» **REQUIRED ACTION**
Return the records exactly as they appear below, omitting the pictures.

[Dataset entries]
━━━━━━━━━━━━━━━━━━━━

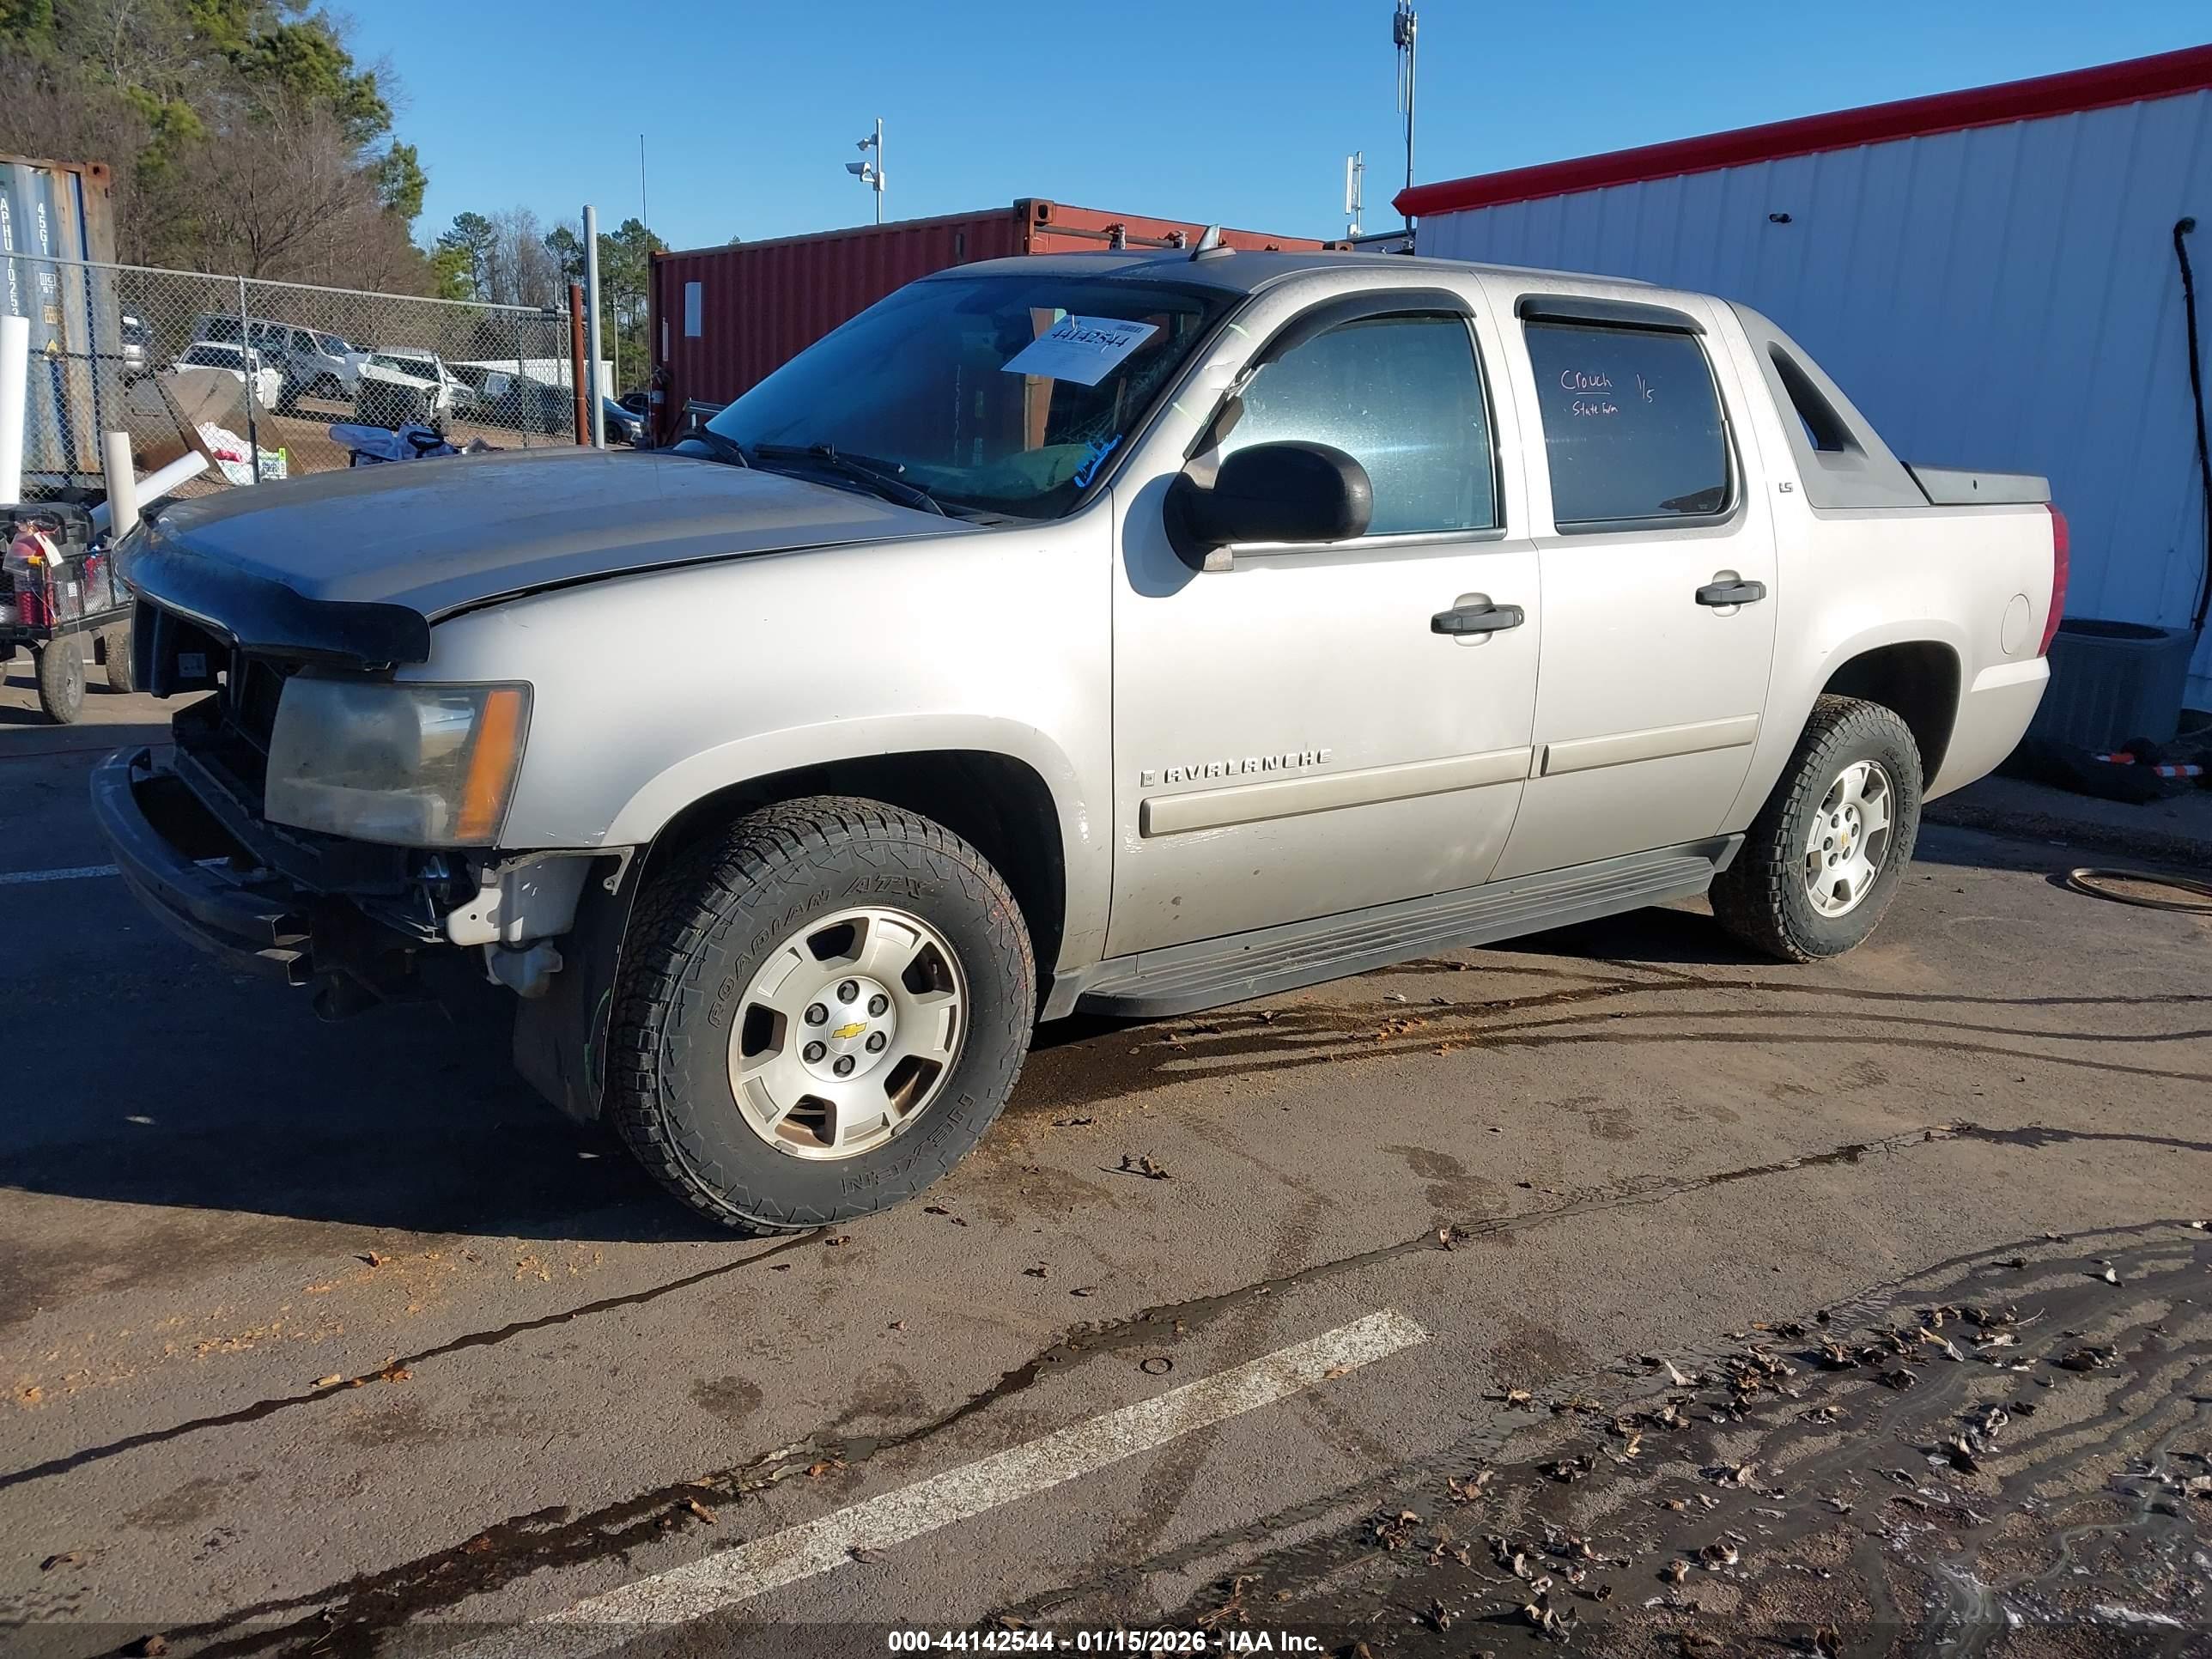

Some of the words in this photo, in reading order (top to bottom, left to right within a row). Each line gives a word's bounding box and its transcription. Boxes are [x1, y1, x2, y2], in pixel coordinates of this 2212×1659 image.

[37, 203, 47, 255] 45G1
[1560, 370, 1613, 390] Crouch
[1572, 400, 1599, 416] State
[1779, 482, 1793, 493] LS
[1164, 749, 1333, 784] AVALANCHE
[708, 888, 831, 1028] ROADIAN
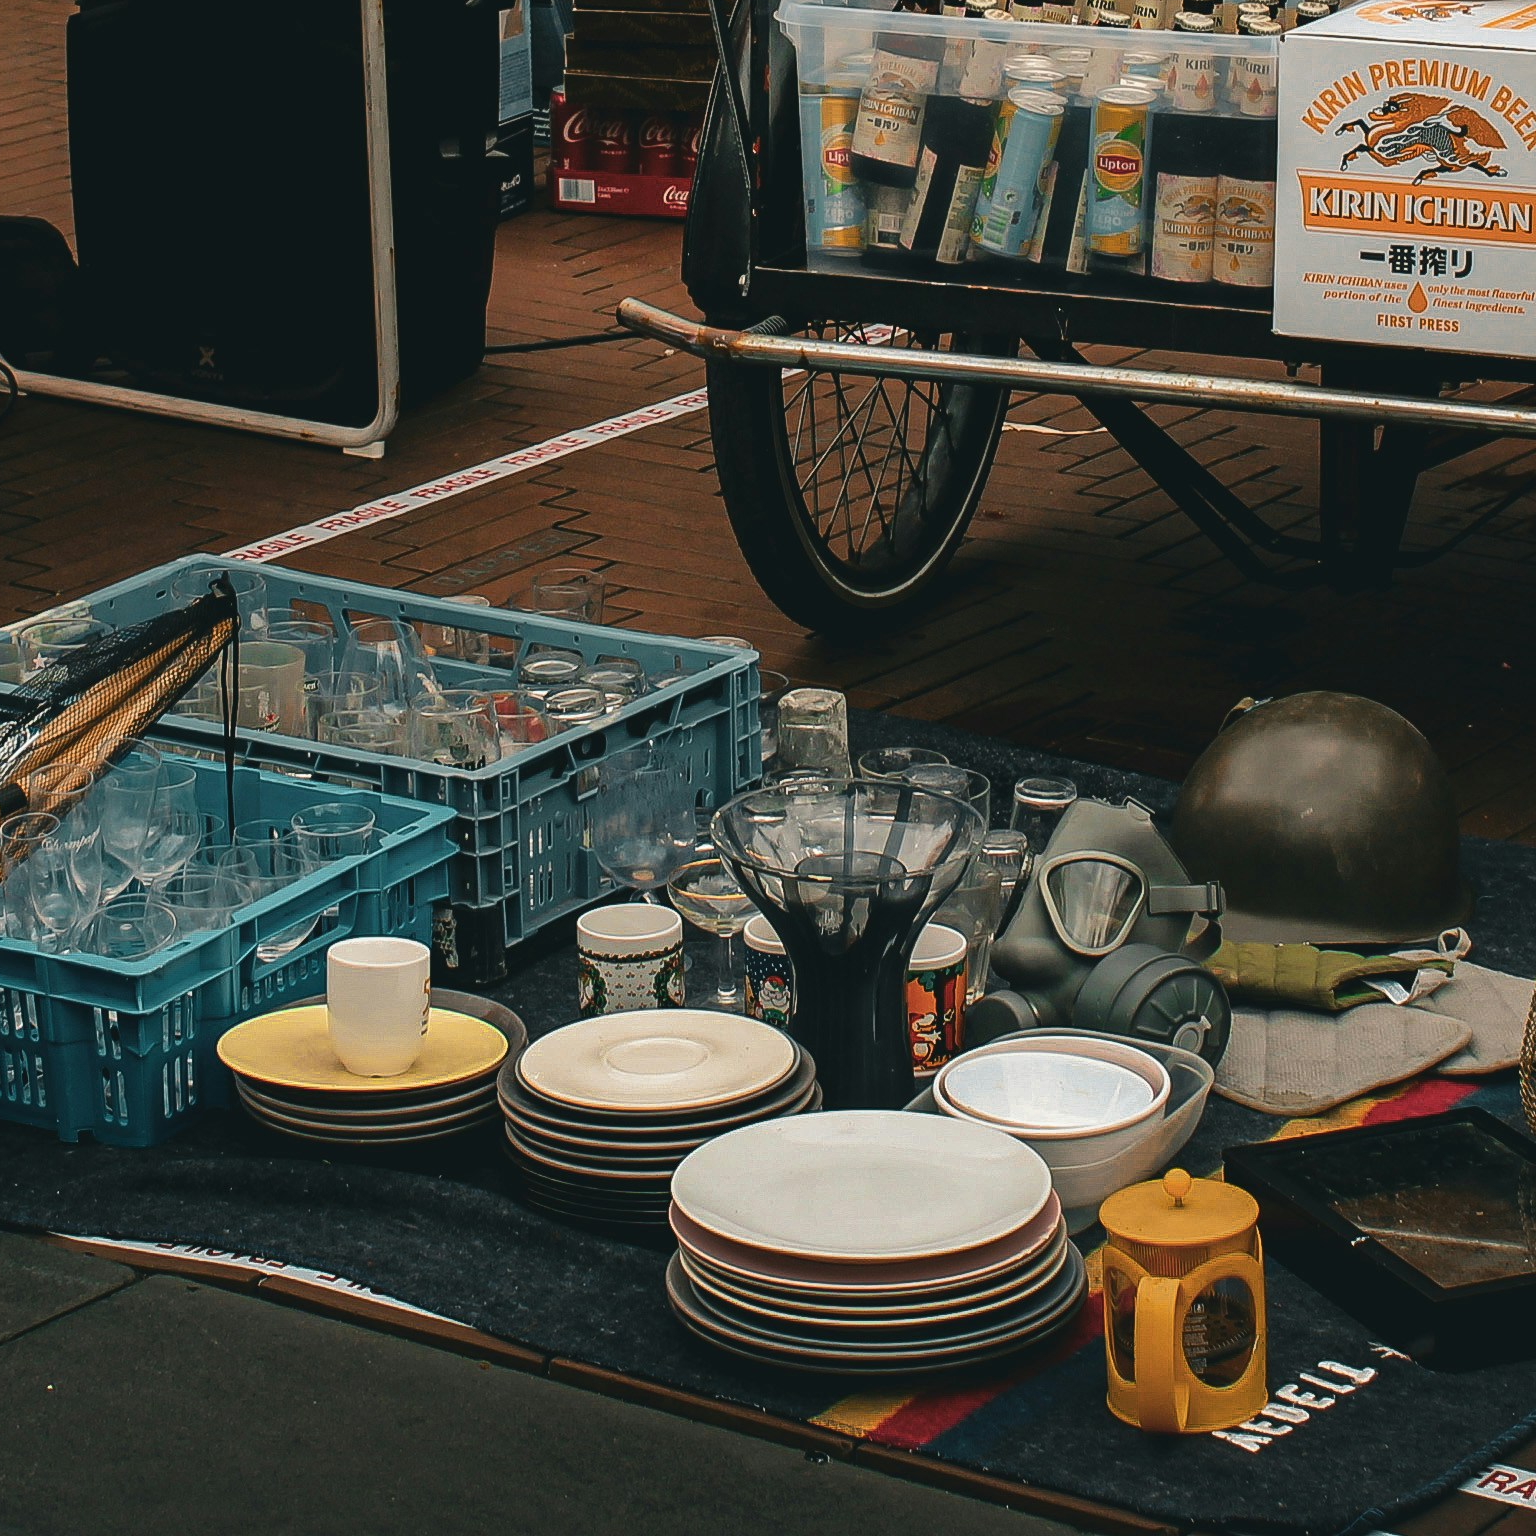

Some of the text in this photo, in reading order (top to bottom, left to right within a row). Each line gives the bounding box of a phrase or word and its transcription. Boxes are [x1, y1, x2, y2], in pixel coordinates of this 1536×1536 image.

[1302, 70, 1369, 135] KIRIN
[1369, 58, 1491, 102] PREMIUM
[1100, 157, 1137, 171] Lipton
[1308, 186, 1533, 234] KIRIN ICHIBAN
[1303, 272, 1335, 285] KIRIN
[1336, 274, 1383, 289] ICHIBAN
[1427, 284, 1448, 298] only
[1448, 285, 1465, 297] the
[1466, 288, 1491, 300] most
[1323, 289, 1363, 305] portion
[1364, 292, 1380, 305] of
[1380, 293, 1402, 305] the
[1377, 313, 1460, 334] FIRST PRESS
[316, 407, 673, 534] FRAGILE FRAGILE FRAGILE FRAGILE

━━━━━━━━━━━━━━━━━━━━

» **EXERCISE SOLUTION**
Some of the words in this photo, in reading order (top to bottom, left to right within a row). Each line gives a word's bounding box and its transcription. Boxes are [x1, y1, x2, y2], in pixel coordinates of this 2212×1659 image.

[37, 203, 47, 255] 45G1
[1560, 370, 1613, 390] Crouch
[1572, 400, 1599, 416] State
[1779, 482, 1793, 493] LS
[1164, 749, 1333, 784] AVALANCHE
[708, 888, 831, 1028] ROADIAN

Some of the text in this photo, in reading order (top to bottom, left to right within a row). Each line gives the bounding box of a phrase or word and its transcription. Boxes are [x1, y1, x2, y2], in pixel coordinates of this 1536×1536 image.

[1302, 70, 1369, 135] KIRIN
[1369, 58, 1491, 102] PREMIUM
[1100, 157, 1137, 171] Lipton
[1308, 186, 1533, 234] KIRIN ICHIBAN
[1303, 272, 1335, 285] KIRIN
[1336, 274, 1383, 289] ICHIBAN
[1427, 284, 1448, 298] only
[1448, 285, 1465, 297] the
[1466, 288, 1491, 300] most
[1323, 289, 1363, 305] portion
[1364, 292, 1380, 305] of
[1380, 293, 1402, 305] the
[1377, 313, 1460, 334] FIRST PRESS
[316, 407, 673, 534] FRAGILE FRAGILE FRAGILE FRAGILE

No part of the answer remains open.